**Task instructions**
Set down the whole listing below exactly. The pictures stay out.

[Supplied data — start]

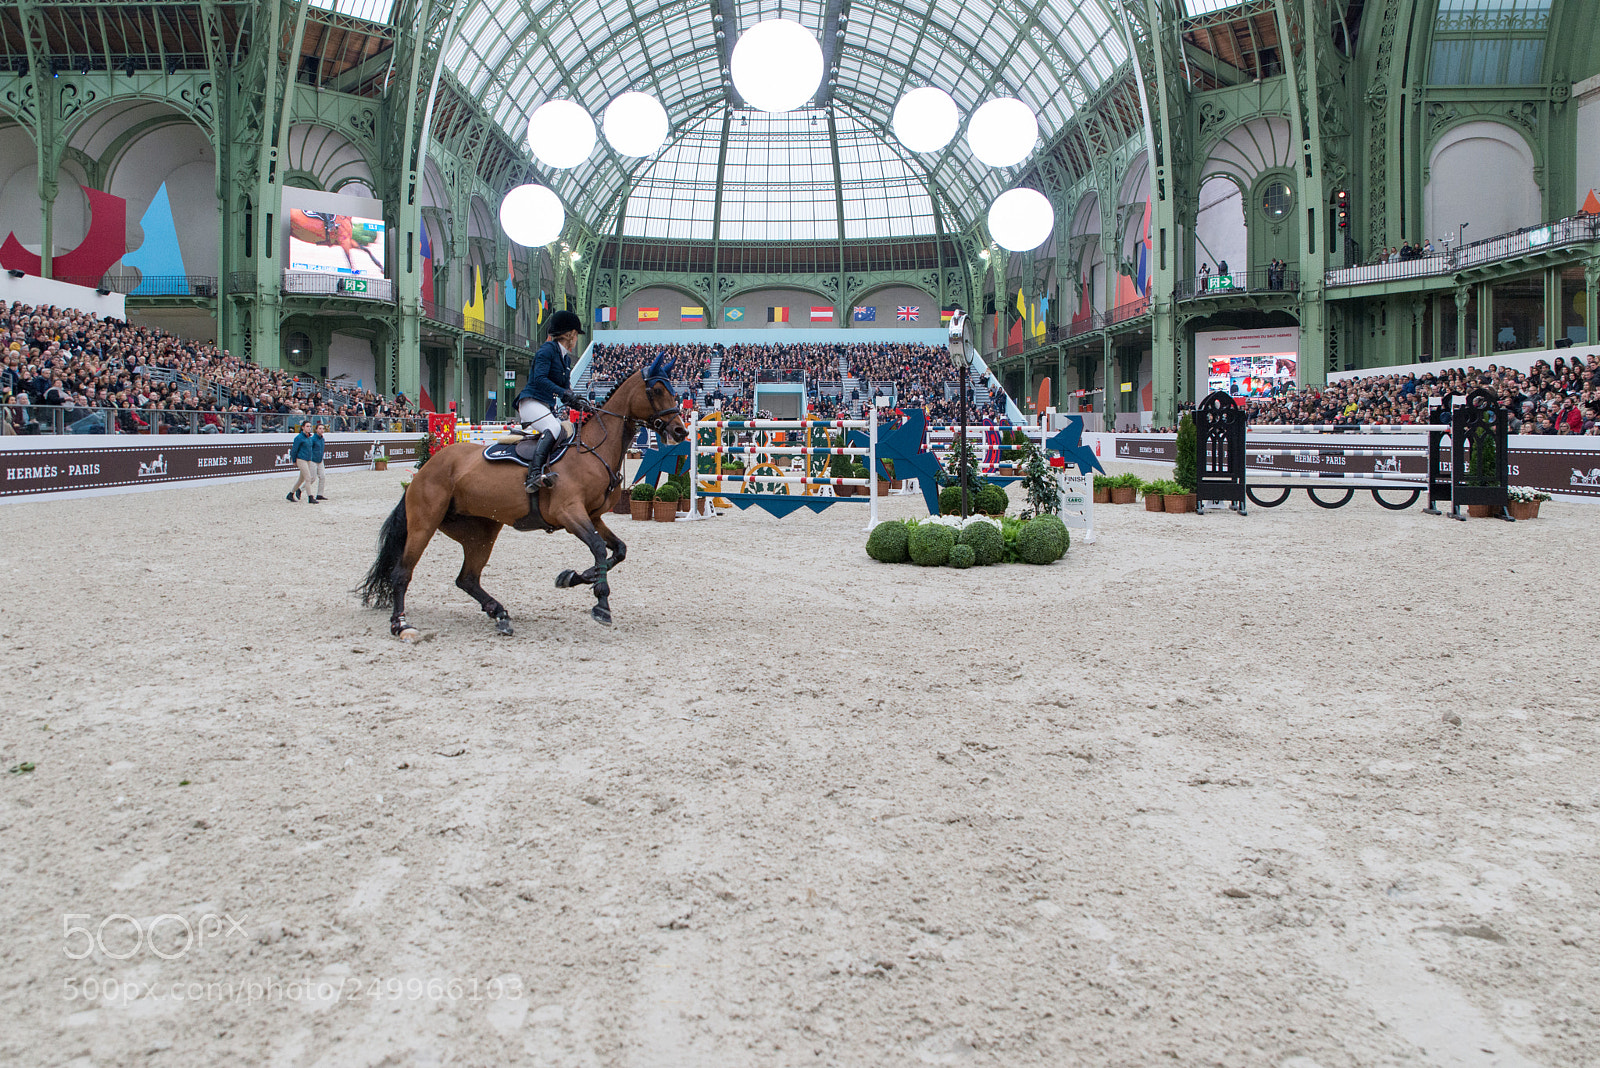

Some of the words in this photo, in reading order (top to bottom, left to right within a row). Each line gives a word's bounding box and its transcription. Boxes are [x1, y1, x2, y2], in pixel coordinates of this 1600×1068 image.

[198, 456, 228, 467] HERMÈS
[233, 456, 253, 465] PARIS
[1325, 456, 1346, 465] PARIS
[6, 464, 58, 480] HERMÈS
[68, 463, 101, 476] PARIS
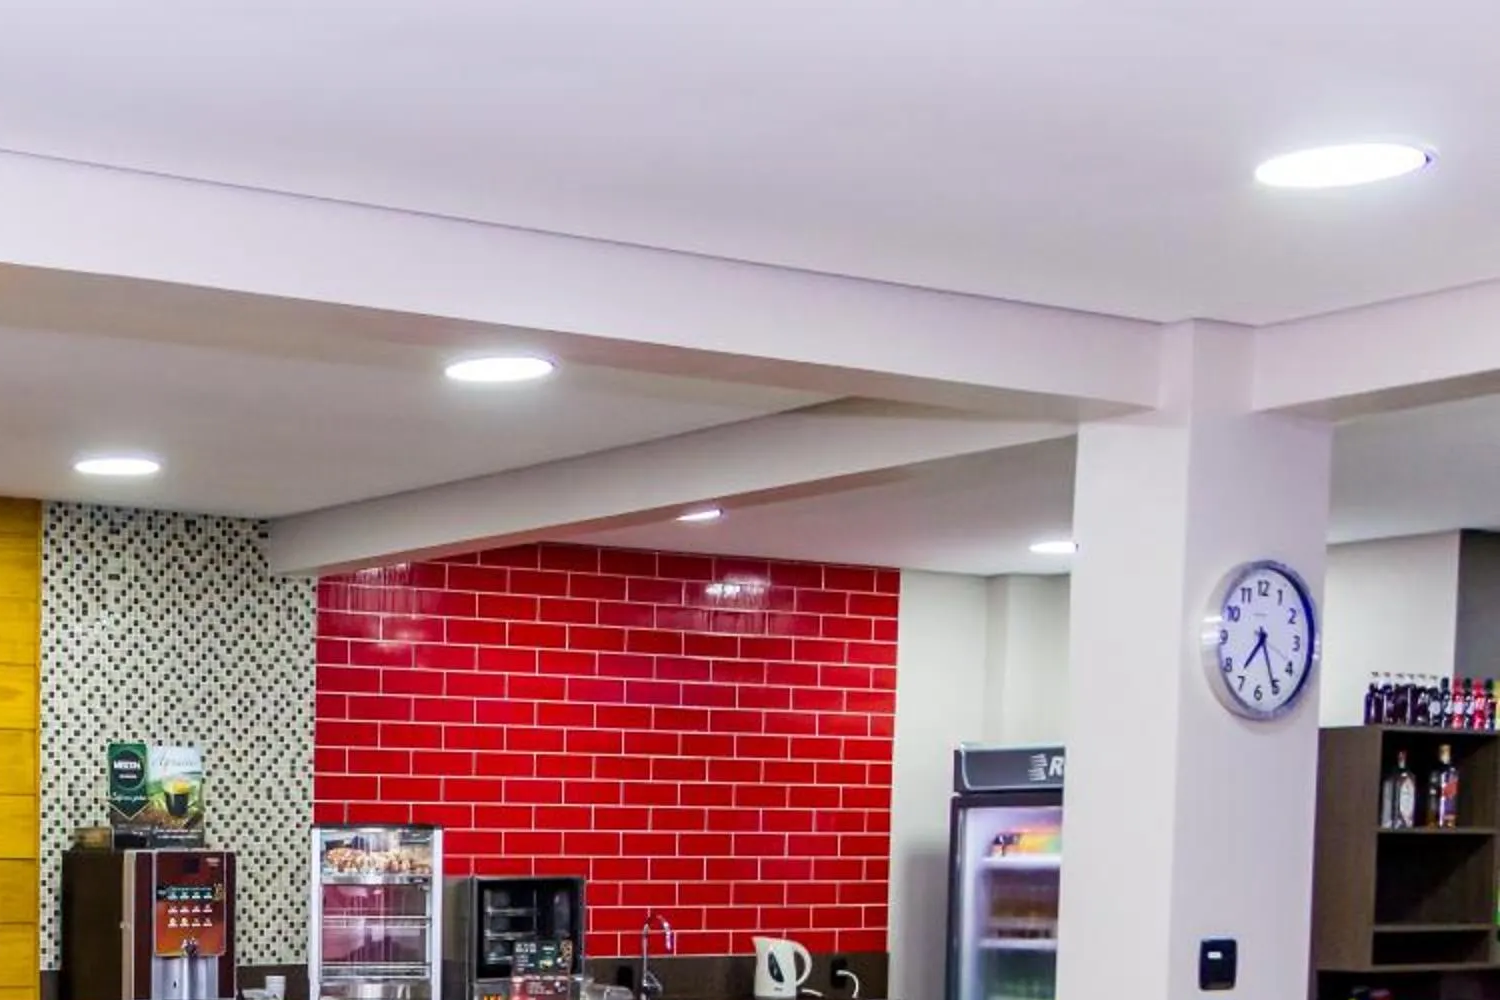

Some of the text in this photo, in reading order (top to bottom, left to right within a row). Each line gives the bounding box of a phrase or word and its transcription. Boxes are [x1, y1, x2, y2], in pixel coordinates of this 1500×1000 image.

[Supplied data — finish]

**Written solution**
Some of the words in this photo, in reading order (top to bottom, left to right within a row). Each line gives a word's bounding box and its transcription. Boxes are [x1, y1, x2, y2], in pixel coordinates of this 1600×1068 image.

[198, 456, 228, 467] HERMÈS
[233, 456, 253, 465] PARIS
[1325, 456, 1346, 465] PARIS
[6, 464, 58, 480] HERMÈS
[68, 463, 101, 476] PARIS

Some of the text in this photo, in reading order (top to bottom, left to right within a row). Each line gives the bounding box of a phrase or word and its transcription. Boxes are [x1, y1, x2, y2], in pixel coordinates of this 1500×1000 image.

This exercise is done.